What does Mitt Romney really think about Obamacare? Romney and his partisans would like you to think one thing – that he was and is a conservative; that he was and is opposed to big government; that, as Governor in Massachusetts, he was not an enthusiast for Romneycare; that he merely made the best of a bad situation; that he did not seek to rally the rest of us to follow Massachusetts’ example; that he always resolutely opposed enacting something similar at the federal level; and that he is and always has been a principled defender of federalism who regards Obamacare as unconstitutional.

None of this is, in fact, true. Romney is a managerial progressive on the model of Herbert Hoover, Thomas E. Dewey, Dwight D. Eisenhower, Richard M. Nixon, George H.W. Bush, Bob Dole, George W. Bush, and John McCain. He is what Dewey called “a New-Deal Republican.” He was a consistent supporter of programs like Obamacare until this election campaign, and the minute he thinks that he can get away with it, he will once again show his true colors. We may find in the Fall that we have to vote for him because the other alternative is far, far worse (which it undoubtedly is), but we should not kid ourselves about what we are doing when we do it. Almost all of the men mentioned above posed as conservatives when they wanted our votes. Then, those who got elected sold us down the river.

RomneycareSigned.jpgOn Romney’s stance, the evidence is dispositive. If he was and is a conservative opposed to big government; if, as Governor in Massachusetts, he was not an enthusiast for Romneycare; if he merely made the best of a bad situation, why did he write an op-ed in The Wall Street Journal on 11 April 2006 entitled “Healthcare for Everyone? We Found a Way,” touting his accomplishment and recommending Romneycare as a model to be imitated in the other states. If Romney was and is a principled defender of federalism who genuinely regards Obamacare as unconstitutional, why – in a speech delivered in Baltimore on 2 February 2007 – did he describe Romneycare as “a model for the nation?”

If you are inclined to credit the claim, advanced by Romney’s partisans, that Newsweek misquoted Romney’s speech or quoted it out of context, you should look at the op-ed he published in USA Today on 30 July 2009 – in the midst of the debate concerning President Barack Obama’s healthcare plan.

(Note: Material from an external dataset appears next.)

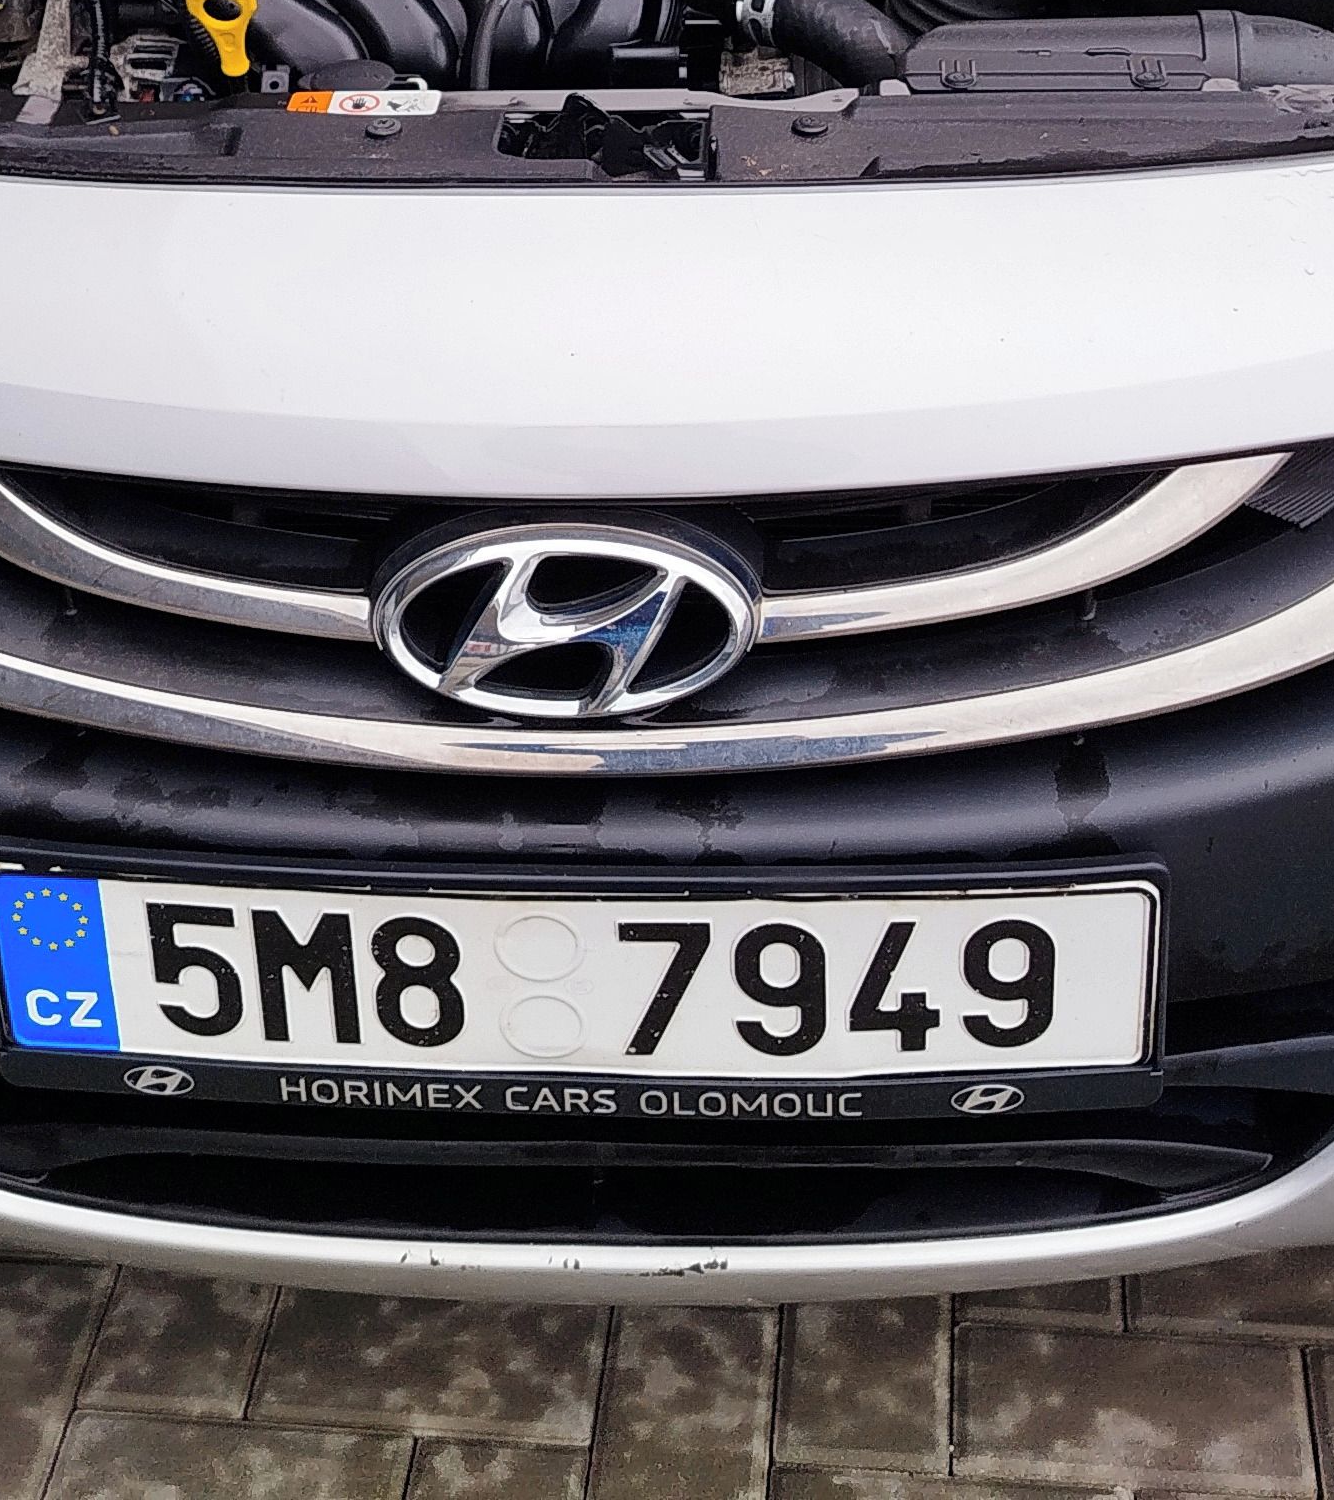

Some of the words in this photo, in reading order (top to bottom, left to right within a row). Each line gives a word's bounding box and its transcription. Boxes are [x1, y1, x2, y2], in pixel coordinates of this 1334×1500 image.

This piece you should read in its entirety twice – both for what it says and what it leaves unsaid. When Romney was Governor of Massachusetts and thinking about running for re-election, he touted the virtues of federalism (without ever expressly denying that what he had done in Massachusetts could properly be duplicated on the national level). When he recognized that he had no chance for re-election, he did what was natural. He changed his tune and considered as well what could be done at the national level.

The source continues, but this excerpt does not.